La intención de Pedro Castillo y Perú Libre es la consagración de una Constitución a su medida; es decir, la instauración de un régimen autoritario, desnaturalizando la razón de ser de la carta fundamental. La idea de Constitución apareció en el mundo occidental como un instrumento para detener la vocación autoritaria de los gobernantes. La Constitución busca limitar y amarrar el poder, que todo lo corrompe, en resguardo de las libertades del individuo.
Así lo entendieron los Padres Fundadores de los Estados Unidos. Y ello tuvo eco en la opinión pública de la época. Esas ideas –subrayo, ideas– son las que prosperaron y dieron sus frutos haciendo realidad la constitución de un gobierno limitado y separado en sus poderes, además de los necesarios pesos y contrapesos.
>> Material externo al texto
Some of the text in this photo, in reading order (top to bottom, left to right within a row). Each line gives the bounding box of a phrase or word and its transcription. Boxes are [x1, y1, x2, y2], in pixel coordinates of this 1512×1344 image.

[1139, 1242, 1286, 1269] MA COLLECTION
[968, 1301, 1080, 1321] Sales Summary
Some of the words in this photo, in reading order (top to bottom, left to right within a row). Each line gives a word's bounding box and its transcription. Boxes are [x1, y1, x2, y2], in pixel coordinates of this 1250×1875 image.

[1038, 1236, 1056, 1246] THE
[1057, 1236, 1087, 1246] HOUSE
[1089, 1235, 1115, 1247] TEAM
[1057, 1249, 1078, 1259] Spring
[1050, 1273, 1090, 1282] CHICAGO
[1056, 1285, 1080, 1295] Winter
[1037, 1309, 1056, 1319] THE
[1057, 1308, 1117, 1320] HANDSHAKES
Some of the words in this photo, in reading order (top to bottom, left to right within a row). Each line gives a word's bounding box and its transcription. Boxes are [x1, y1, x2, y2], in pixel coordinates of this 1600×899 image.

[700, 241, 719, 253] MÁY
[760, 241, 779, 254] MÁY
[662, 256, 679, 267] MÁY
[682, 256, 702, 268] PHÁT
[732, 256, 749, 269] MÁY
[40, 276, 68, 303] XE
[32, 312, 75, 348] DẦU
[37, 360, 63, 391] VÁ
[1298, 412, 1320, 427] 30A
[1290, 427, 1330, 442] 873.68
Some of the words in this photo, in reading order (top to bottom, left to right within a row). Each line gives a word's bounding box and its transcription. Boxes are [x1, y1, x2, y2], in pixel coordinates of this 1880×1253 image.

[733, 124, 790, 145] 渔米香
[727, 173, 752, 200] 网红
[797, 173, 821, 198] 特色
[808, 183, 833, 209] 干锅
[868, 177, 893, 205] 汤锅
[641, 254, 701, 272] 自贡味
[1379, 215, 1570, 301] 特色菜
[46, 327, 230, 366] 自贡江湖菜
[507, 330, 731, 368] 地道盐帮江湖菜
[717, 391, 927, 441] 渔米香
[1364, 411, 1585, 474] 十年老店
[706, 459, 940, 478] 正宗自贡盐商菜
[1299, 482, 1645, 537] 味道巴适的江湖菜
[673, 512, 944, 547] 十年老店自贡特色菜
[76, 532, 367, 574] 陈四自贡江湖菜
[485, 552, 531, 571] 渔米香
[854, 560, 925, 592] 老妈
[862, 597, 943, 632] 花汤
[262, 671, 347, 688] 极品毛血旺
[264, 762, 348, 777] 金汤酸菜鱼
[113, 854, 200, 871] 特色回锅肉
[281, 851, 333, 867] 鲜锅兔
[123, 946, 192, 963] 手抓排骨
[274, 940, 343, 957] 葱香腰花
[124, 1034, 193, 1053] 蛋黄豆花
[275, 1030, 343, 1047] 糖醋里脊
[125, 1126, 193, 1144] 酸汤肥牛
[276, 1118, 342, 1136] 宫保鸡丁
El objetivo siempre fue atar al leviathan, evitando que sea una amenaza a las libertades de producir, comerciar y trabajar; hoy reconocidas como derechos fundamentales, que preexisten al texto per se de la Constitución y a la conformación misma del Estado.
A esto se refería Cooke cuando decía que “todos los grandes derechos que los hombres nunca desean perder, ni deben perder, han de ser garantizados, no concedidos por la Constitución”. Estas fueron las ideas políticas y económicas que inspiraron la experiencia constitucional en los Estados Unidos. Y es de ahí que el mundo las recibió. Por eso, por definición, el derecho constitucional es el derecho constitucional de la libertad.
El colectivismo y todas sus variantes –fascismo, socialismo, incluyendo al socialismo del siglo XXI– busca concentrar el poder de forma absoluta. Por eso es un obstáculo para las pretensiones autoritarias de Castillo y Cerrón una Constitución como la de 1993. Cuando Castillo señala que es necesario tener una Constitución con “olor, color y sabor del pueblo” se equivoca, pues la Constitución no es de la sociedad sino del gobierno. ¿Por qué? Porque el gobierno tiende al abuso de sus poderes o a ser arbitrario.
Así lo aclaró elocuentemente el filósofo político norteamericano John C. Calhoun en 1851, para quien “la Constitución es para el gobierno como este último es para la sociedad; y del mismo modo que el fin para el que la sociedad ha sido destinada no se lograría sin gobierno, el fin para el que ha sido destinado el gobierno no se lograría en gran medida sin la Constitución”.
La prosperidad de los pueblos no se alcanza cambiando la Constitución cada cinco años o convocando a Asambleas Constituyentes desde el poder. Si alguna reforma política se pretende hacer, se debe respetar el juego de reglas que la propia Constitución establece.
Solo será posible detener la embestida comunista contra nuestras libertades individuales, teniendo una opinión pública robusta que sepa cuál es el verdadero rol de una Constitución. Así como la tuvieron los colonos norteamericanos antes de que se derrame la primera gota de sangre en Lexington.